Светила луна, светили огни города.

Внутри Кошкина зародилось и разнеслось по безлюдному лесу протяжное, берущее за душу завывание.


Ночью прошел дождь. Промозглый утренний туман поднимался над землей, струился среди непроходимого бурелома. Чаща щерилась почерневшими от дождя сучьями, вздыбленными, вывороченными корнями с нависшими комьями земли, собранный в кучу лежал валежник. Мокрый, черный от сырости, он гнил вперемежку с прошлогодними листьями.

Под ними виднелось серое, истощенное лицо Кошкина. Глаза его были открыты, и в них остолбенело страдание.

Сверху упала капля. Кошкин моргнул, рот его искривился, словно он хотел заплакать. Валежник зашевелился, показались руки, ноги. Кошкин вылез. Выглядел он хуже некуда. Общение с природой не прошло ему даром. Грязный, изнеможденный, весь искусанный и исцарапанный, он стоял, скрючившись от холода, и никак не мог распрямиться. На лице у него было написано невыносимое отвращение и к жизни, и к самому себе. Он встряхнулся, размазал грязь на лице, отыскал дубину и бесцельно полез в кусты.

Яркое солнце быстро высушило лес. Он снова заиграл летними красками, наполнился птичьими трелями и стал таким, каким мы его всегда любим, и даже лучше.

Кошкин внешне оживился, но живость его была странной. Движения стали нервными, резкими, и шел он, словно дрожал от внутреннего холода.

Показалась река. Кошкин вышел на берег и у тихой заводи спустился на прибрежный песок. Склонился над водой.

То, что он увидел, было его отражением. Но его отражение Кошкину было уже безразлично. Он умылся скорее механически, чем осознанно, выпил воды и вернулся под защиту деревьев. Здесь он сел на землю, положил рядом дубину и погрузился в прострацию.
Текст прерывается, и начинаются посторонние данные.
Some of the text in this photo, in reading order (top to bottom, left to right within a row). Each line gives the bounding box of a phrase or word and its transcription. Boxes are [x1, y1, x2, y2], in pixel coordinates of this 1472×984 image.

Из этого состояния его вывело знакомое щебетание. Кошкин прислушался, потом повернул голову.

Мелькнул щегол и закачался на ветке.

У Кошкина приоткрылся рот, глаза увлажнились. И, с трудом ворочая распухшим языком, он позвал:

– Петя… Петя!..

Щегол прощебетал что-то в ответ.

– Петя!.. – вымолвил Кошкин со всей любовью и нежностью, на которую оставался способен, и, приподнявшись, медленно пошел к щеглу.
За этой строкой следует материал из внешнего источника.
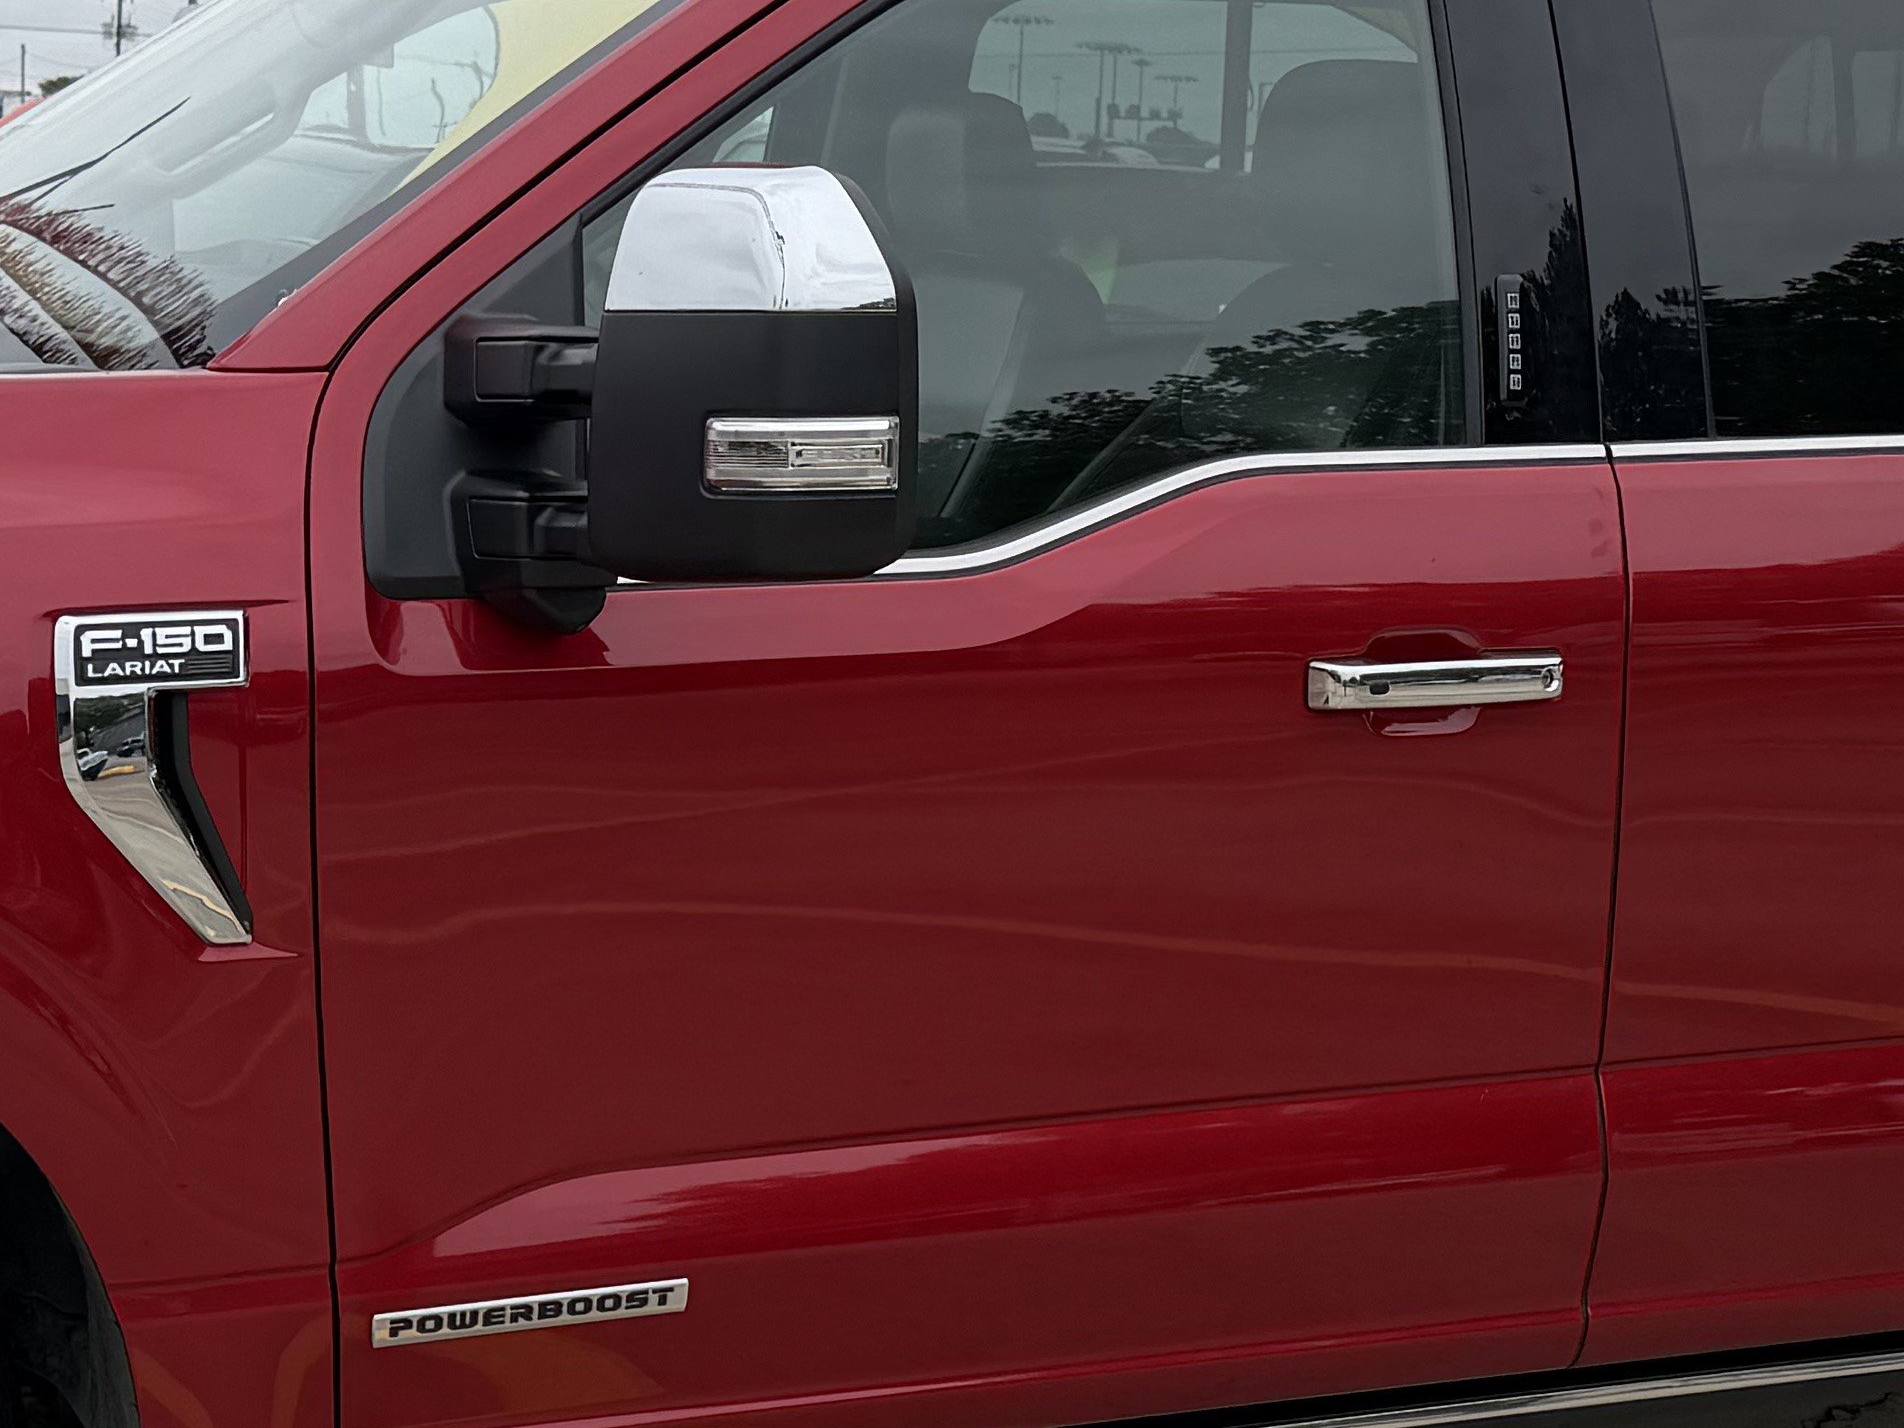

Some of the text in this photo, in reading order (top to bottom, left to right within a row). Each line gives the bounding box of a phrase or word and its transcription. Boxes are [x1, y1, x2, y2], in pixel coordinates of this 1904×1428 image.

[79, 624, 234, 658] F-150
[87, 659, 185, 678] LARIAT
[388, 1287, 675, 1338] POWERBOOST
– Петя!.. Петя!.. Птичка моя!

Щегол вспорхнул с ветки и улетел.

Кошкин некоторое время смотрел ему вслед, потом пошел обратно. Внутри него начался какой-то могучий и необратимый процесс.

Кошкин делал круги по поляне. В нем росла страшная ярость. Росла, росла и выросла. Он вдруг схватил дубину и с грохотом ударил ею по дереву.

– Мать-природа!.. – прорычал он и ударил еще раз. – Мать-природа!..

Дерево гудело.

Он прошелся дубиной по кустам. Он врезал дубиной по земле. По пню. И пошел крушить всё вокруг.

– Мать-природа!.. – ревел он. – Природа-мать! Природа-мать!..

Он погнался с дубиной за бабочкой, он молол ударами воздух, он рубил ударами, он крушил ударами, но по бабочке попасть не мог.

Он рыдал и бил, умолял и бил, он ненавидел и бил. Он не мог попасть.

Без сил, без голоса, он упал на землю, приник к ней, замер, пристыл, потом воздел голову к небу в последней надежде, в последней мольбе и стал ждать, обезумевши глядя на солнце.

Наползла туча.

Кошкин пугающе медленно поднялся и деревянными, ходульными шагами пошел к реке. Камнем на шее болтались ключи.

Он спустился на берег, подошел к воде.

Дно полого уводило в глубину.

Кошкин сбросил с бедер разломанную клетку.

Кошкин уходил всё глубже и глубже.


– Пук, пук, пук, пук, – делал старенький буксир.

Зеленая вода с пятнами мазута послушно рассекалась надвое.

Облокотившись на поручень, стоял моторист и, дымя самокруткой, с тоскливым постоянством смотрел на воду. А смотрел на воду он давно. Но такого не видел.